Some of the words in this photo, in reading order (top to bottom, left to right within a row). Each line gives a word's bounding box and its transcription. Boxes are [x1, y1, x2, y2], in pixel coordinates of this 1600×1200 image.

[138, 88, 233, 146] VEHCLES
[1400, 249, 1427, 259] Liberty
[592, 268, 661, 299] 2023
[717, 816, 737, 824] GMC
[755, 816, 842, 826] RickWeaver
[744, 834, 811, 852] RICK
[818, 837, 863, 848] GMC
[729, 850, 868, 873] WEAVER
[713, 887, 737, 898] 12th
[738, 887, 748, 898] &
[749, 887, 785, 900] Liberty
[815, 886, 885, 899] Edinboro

> **Assigned task**:
Exactly as written above, copy out all the records.

> **Completed exercise**:
Some of the words in this photo, in reading order (top to bottom, left to right within a row). Each line gives a word's bounding box and its transcription. Boxes are [x1, y1, x2, y2], in pixel coordinates of this 1600×1200 image.

[138, 88, 233, 146] VEHCLES
[1400, 249, 1427, 259] Liberty
[592, 268, 661, 299] 2023
[717, 816, 737, 824] GMC
[755, 816, 842, 826] RickWeaver
[744, 834, 811, 852] RICK
[818, 837, 863, 848] GMC
[729, 850, 868, 873] WEAVER
[713, 887, 737, 898] 12th
[738, 887, 748, 898] &
[749, 887, 785, 900] Liberty
[815, 886, 885, 899] Edinboro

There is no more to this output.